=== Task to carry out ===
Below are some records. Write out exactly their lines from the one with "this 1344×1512 image." through the one with "this 2000×1125 image.", and leave the pictures behind.

Data in this exercise Block Start

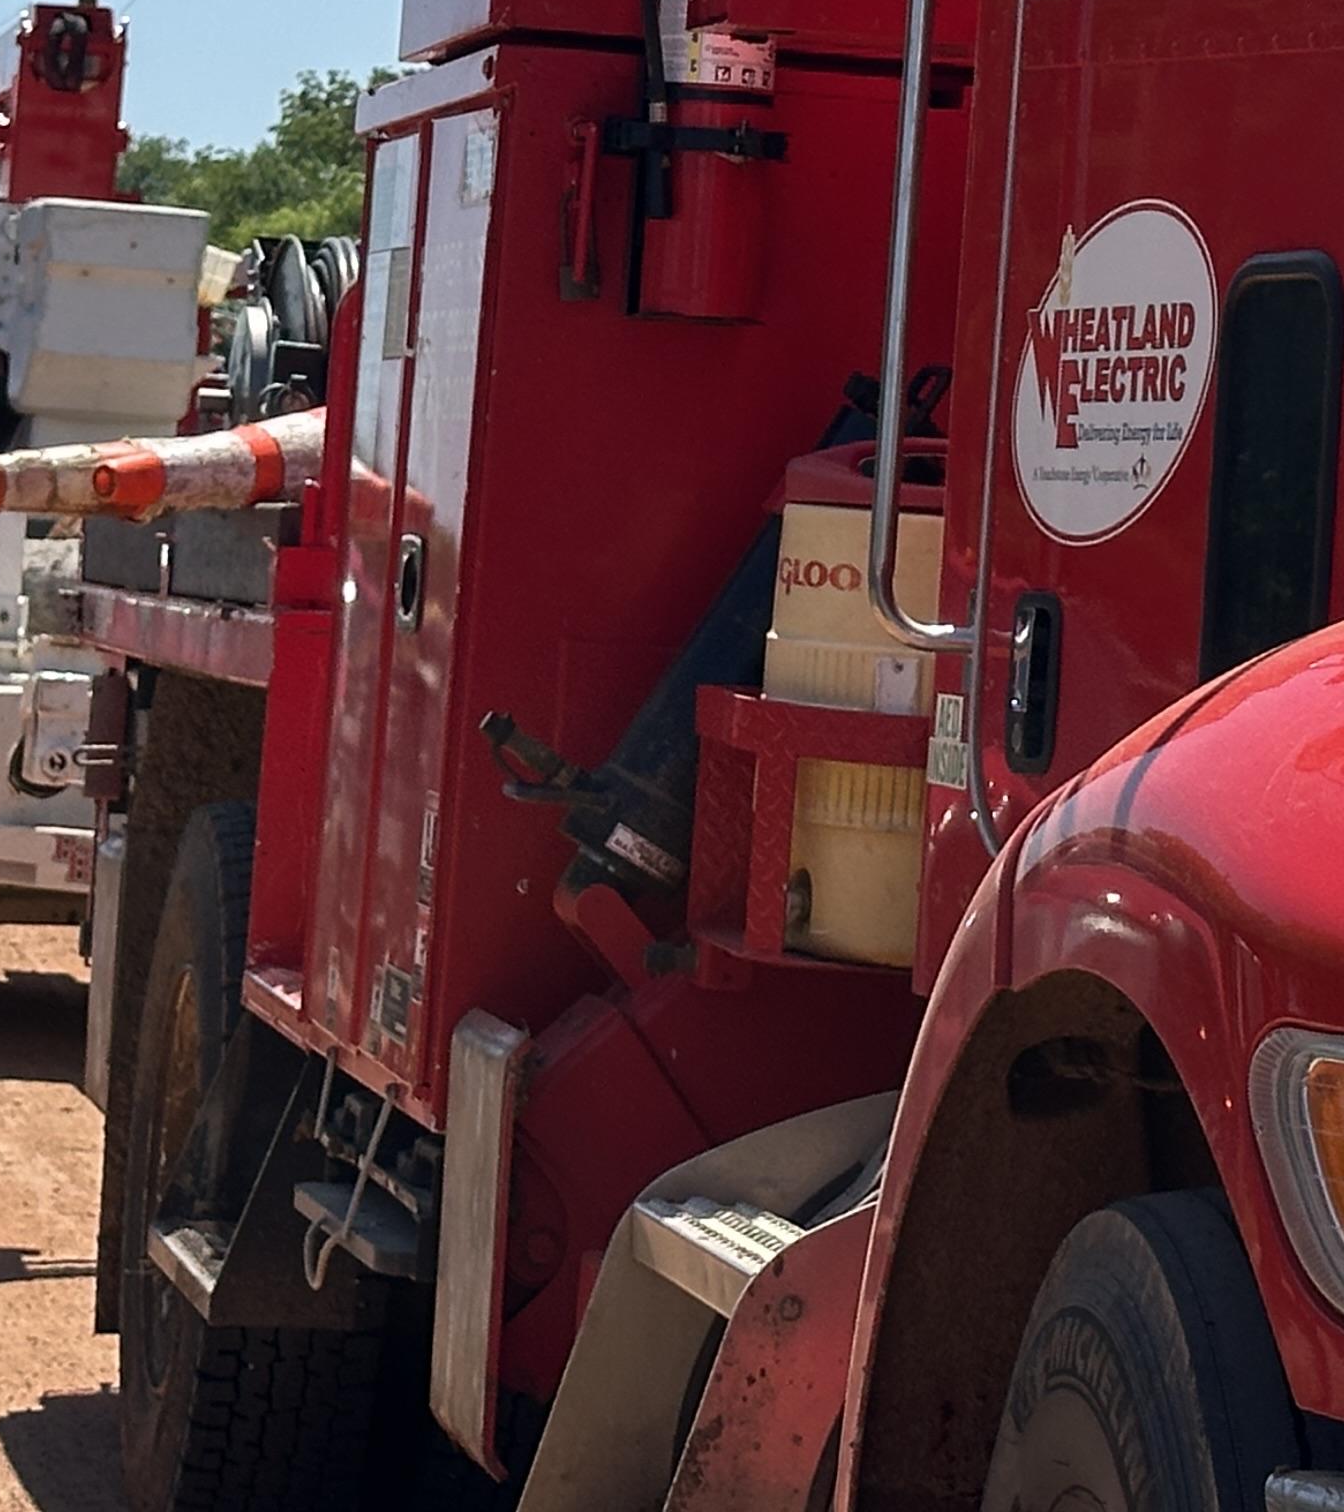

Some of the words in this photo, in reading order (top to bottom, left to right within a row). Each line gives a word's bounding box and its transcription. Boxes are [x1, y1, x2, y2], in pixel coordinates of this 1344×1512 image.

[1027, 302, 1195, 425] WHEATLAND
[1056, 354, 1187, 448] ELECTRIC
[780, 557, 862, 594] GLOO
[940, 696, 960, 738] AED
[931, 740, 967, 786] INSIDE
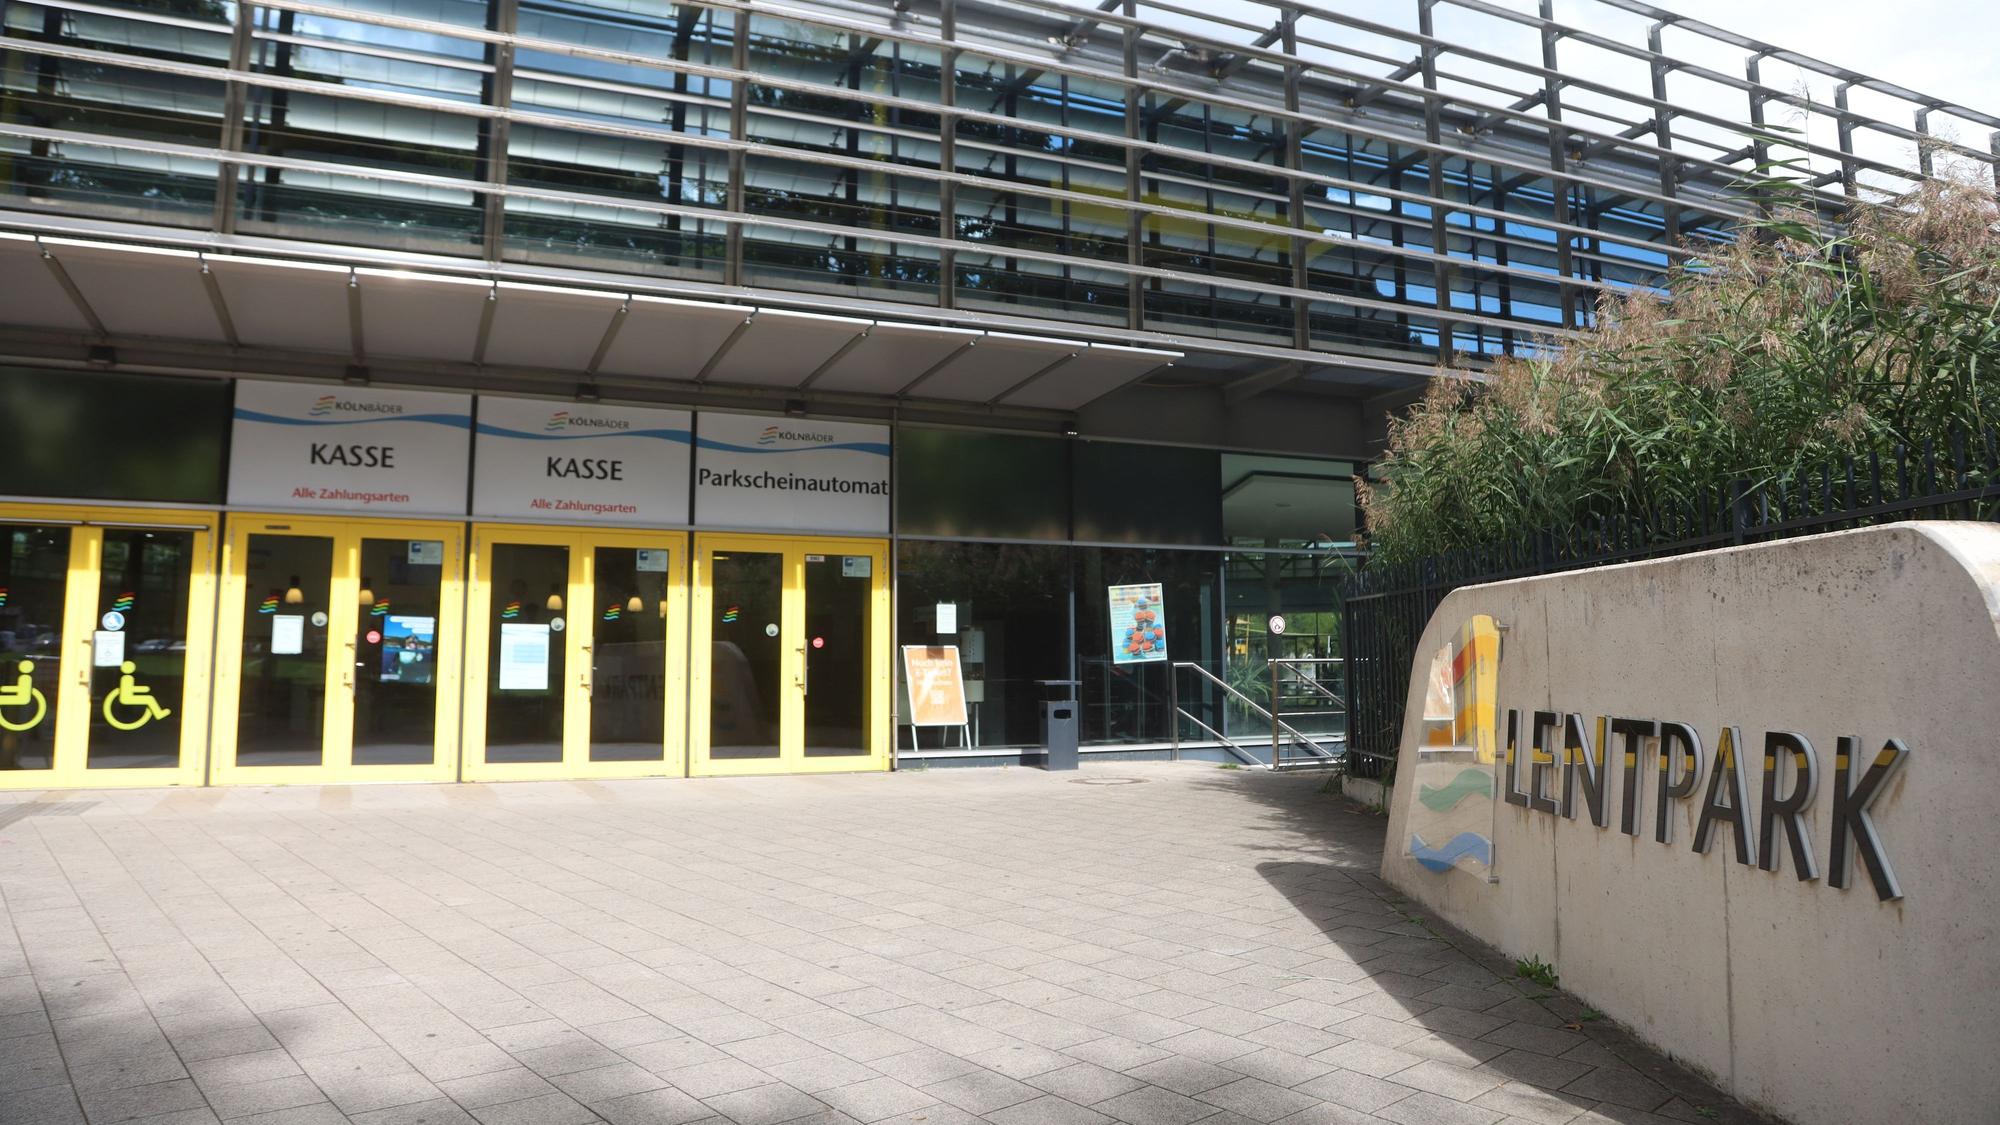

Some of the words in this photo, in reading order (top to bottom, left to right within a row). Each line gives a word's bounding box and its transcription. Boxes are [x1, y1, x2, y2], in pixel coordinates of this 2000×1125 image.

Data in this exercise Block End
Data in this exercise Block Start

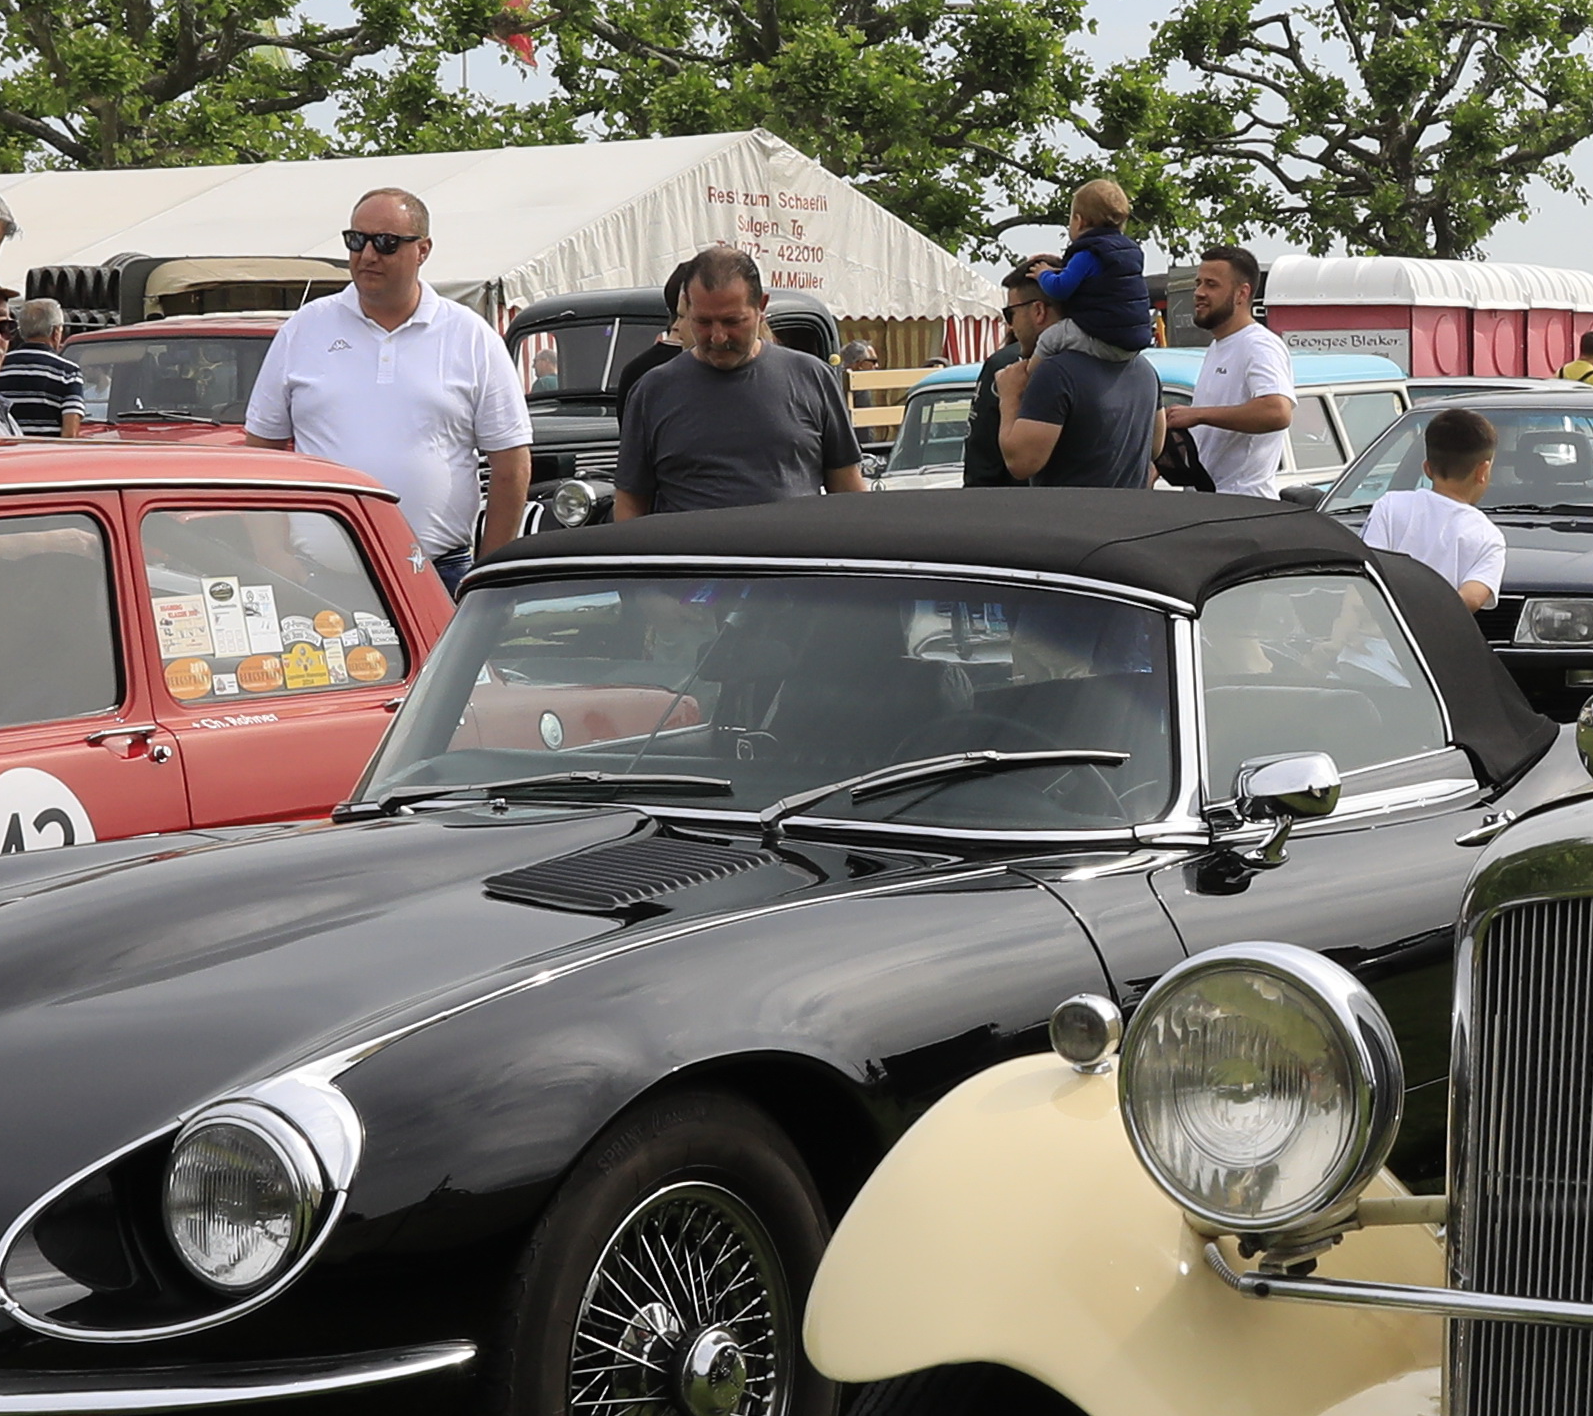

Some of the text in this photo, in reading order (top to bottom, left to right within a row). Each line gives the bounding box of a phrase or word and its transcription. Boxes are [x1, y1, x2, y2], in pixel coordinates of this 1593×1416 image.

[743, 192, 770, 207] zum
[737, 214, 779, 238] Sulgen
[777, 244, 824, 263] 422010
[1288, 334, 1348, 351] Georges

Data in this exercise Block End

=== Reply ===
Some of the words in this photo, in reading order (top to bottom, left to right within a row). Each line gives a word's bounding box and its transcription. Boxes are [x1, y1, x2, y2], in pixel coordinates of this 1344×1512 image.

[1027, 302, 1195, 425] WHEATLAND
[1056, 354, 1187, 448] ELECTRIC
[780, 557, 862, 594] GLOO
[940, 696, 960, 738] AED
[931, 740, 967, 786] INSIDE

Some of the words in this photo, in reading order (top to bottom, left to right within a row). Each line gives a word's bounding box and its transcription. Boxes are [x1, y1, x2, y2], in pixel coordinates of this 2000×1125 image.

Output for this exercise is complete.